En longeant le canal royal, je devine,

que plus jamais je ne verrai mon père du haut de la tintaine, protégé par son pavois et sa lance calée sous le bras, défiant les célibataires des quartiers ennemis,

le visage étonné de celui qui, trahi par les cales, bascule dans un juron vers l’eau rafraîchissante,

ma mère craignant que le trident ne vienne embrocher son champion,

les jeunes filles apeurées qui détournent les yeux pour ne pas voir saigner leur petit fiancé.

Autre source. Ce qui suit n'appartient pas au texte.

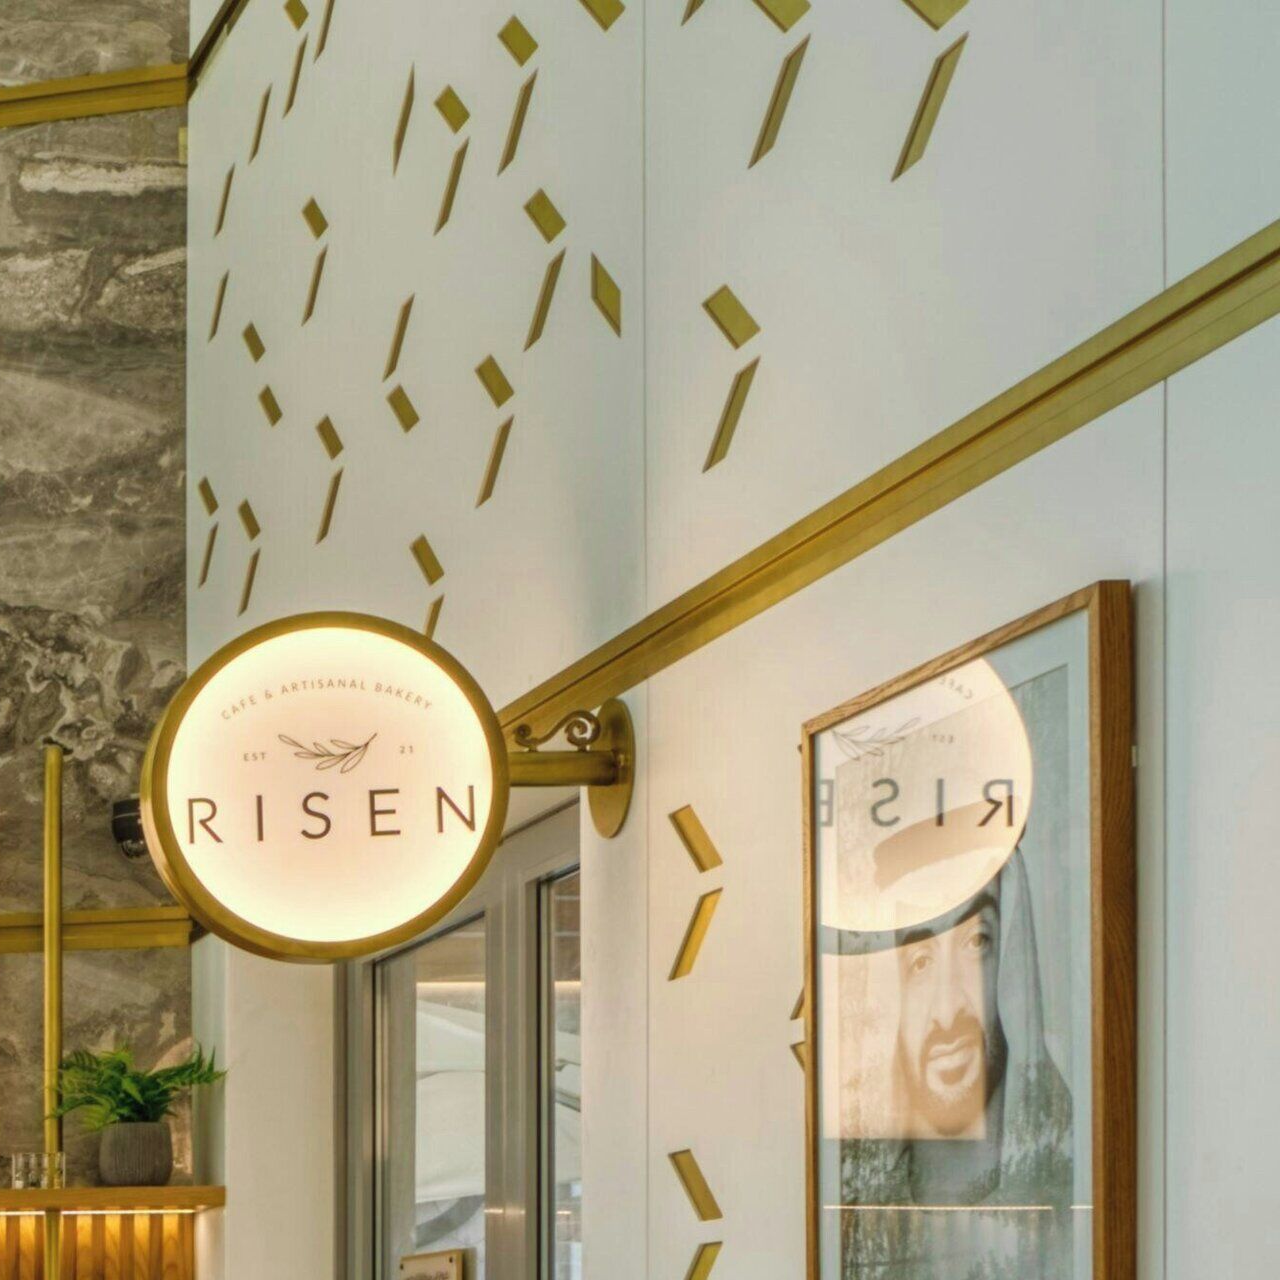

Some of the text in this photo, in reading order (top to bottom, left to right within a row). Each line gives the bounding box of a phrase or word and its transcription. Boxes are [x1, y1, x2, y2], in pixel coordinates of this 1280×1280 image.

[220, 677, 433, 721] CAFE & ARTISANAL BAKERY
[243, 744, 415, 762] EST 21
[187, 784, 477, 845] RISEN

le poisson frit aux coins des rues,

mon père, défilant le jour de la Saint Pierre, triomphant le jour de Saint Louis.

Que plus jamais je n'entendrai les hautbois et tambours saluant la victoire,

Les clameurs qui montent vers le ciel,

la ferveur des amis,

leurs rires et leurs chants,

les histoires de marins marinés au Picpoul qui se battent sans user du surin

car c'est à coups de poings à l’écart de la foule que l’on se beigne à la fin du mois d'août.

Nous croisons peu de gens mais à leurs approches, mon champion baisse la tête pour éviter leur regard.

Mon cœur de petit garçon se serre.

Qu’est-ce qui a bien pu se passer ?

Quel est ce secret qui ne peut être compris que quand on devient un homme ?

Je ne sais plus si je veux aller au bout des 5 heures.

Peut-on devenir un homme en quelques heures ?

Ma logique d’enfant me donne la réponse. “ On verra bien !”

On longe la corniche.

Une longue plage avant d’entamer le chemin sablonneux qui conduit à Agde.

La progression est difficile, on s’enfonce parfois jusqu’aux chevilles et nous devons, à plusieurs reprises, s’arrêter pour vider le sable de nos chaussures qu’on finit par prendre à la main.

Heureusement, nous somme partis tôt, cette journée de mi-septembre s’annonce chaude comme l’ont été les trois semaines précédentes.

On longe la mer. La tramontane qui a soufflé ses neufs derniers jours céde sa place au vent contraire.

Inquiet, le père regarde le ciel qui se voile au sud-est.

“Il ne va pas falloir trainer. Je pense qu’on va avoir droit à une marinade. Décidément le sort s’acharne, cela fait des années que l’on pas vu ça à cette époque de l'année”.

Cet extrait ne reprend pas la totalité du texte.